Exercise
Reproduce the records below exactly; the images should not appear.

Input
=== Begin Enclosure ===

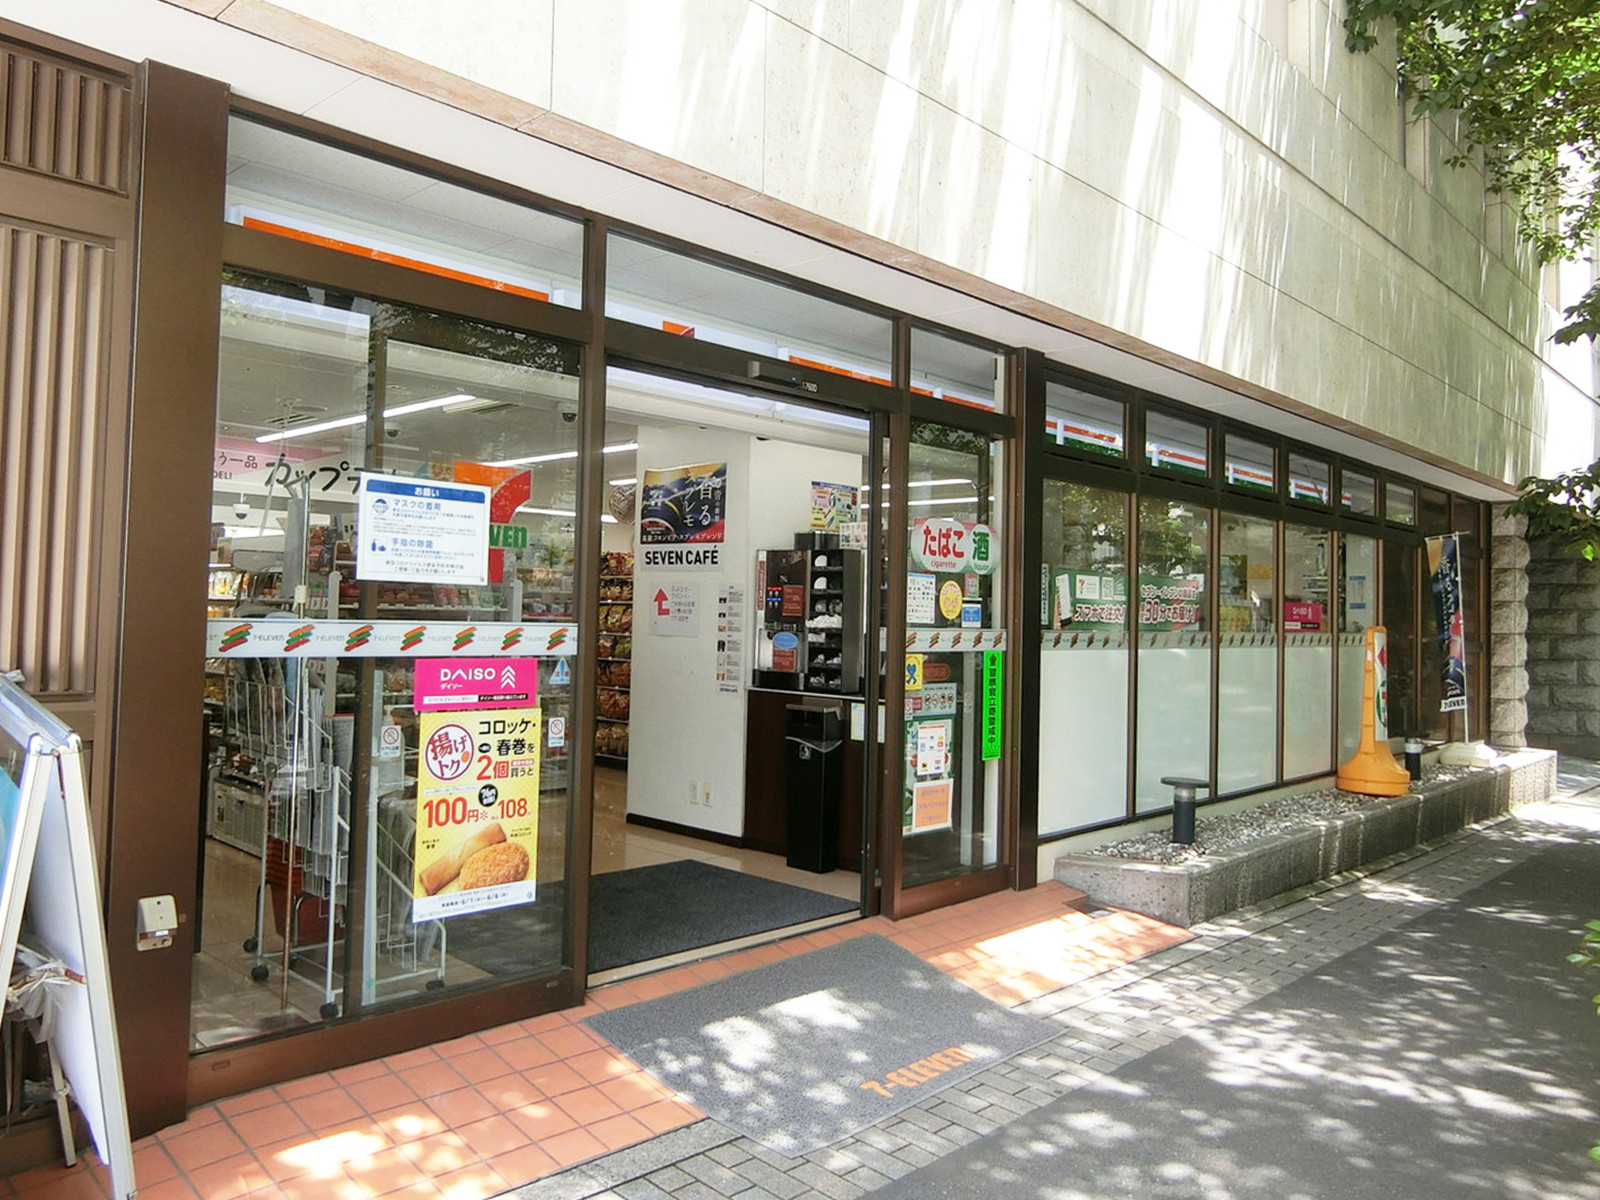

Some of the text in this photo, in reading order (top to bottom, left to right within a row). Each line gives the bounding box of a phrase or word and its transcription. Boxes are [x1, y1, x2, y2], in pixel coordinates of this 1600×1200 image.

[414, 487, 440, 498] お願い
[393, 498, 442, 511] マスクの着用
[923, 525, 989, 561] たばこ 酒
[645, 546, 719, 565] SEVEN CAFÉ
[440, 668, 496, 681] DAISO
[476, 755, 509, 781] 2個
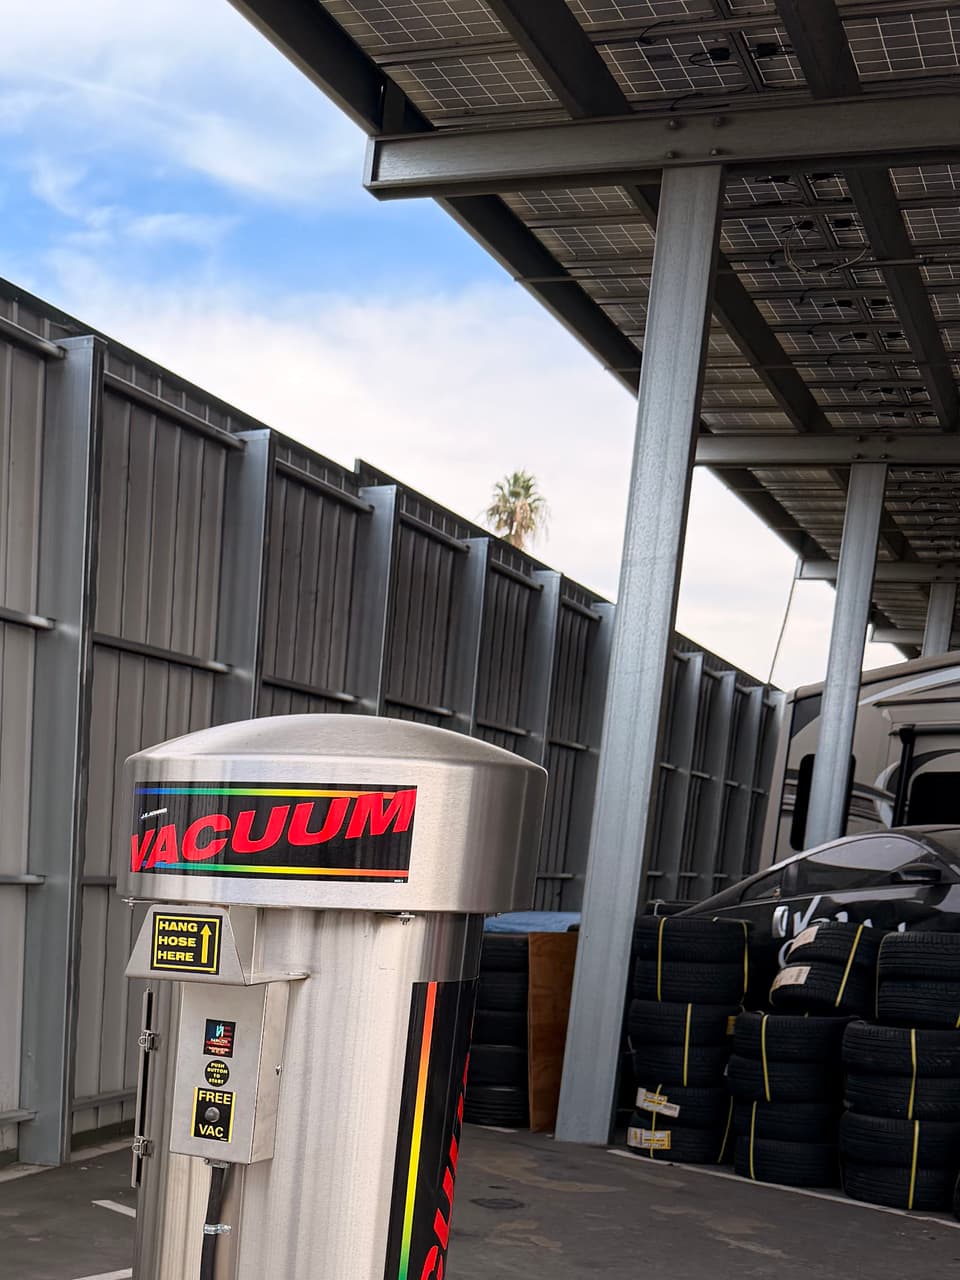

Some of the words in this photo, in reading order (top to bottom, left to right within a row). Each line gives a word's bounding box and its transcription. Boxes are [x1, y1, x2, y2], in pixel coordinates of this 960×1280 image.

=== End Enclosure ===

Expected answer
Some of the text in this photo, in reading order (top to bottom, left to right within a row). Each line gives the bounding box of a phrase or word and its transcription. Boxes are [x1, y1, x2, y2], in pixel coordinates of this 1600×1200 image.

[414, 487, 440, 498] お願い
[393, 498, 442, 511] マスクの着用
[923, 525, 989, 561] たばこ 酒
[645, 546, 719, 565] SEVEN CAFÉ
[440, 668, 496, 681] DAISO
[476, 755, 509, 781] 2個

Some of the words in this photo, in reading order (top to bottom, left to right within a row). Each line gives a word's bounding box and its transcription. Boxes are [x1, y1, x2, y2], in pixel coordinates of this 960×1280 image.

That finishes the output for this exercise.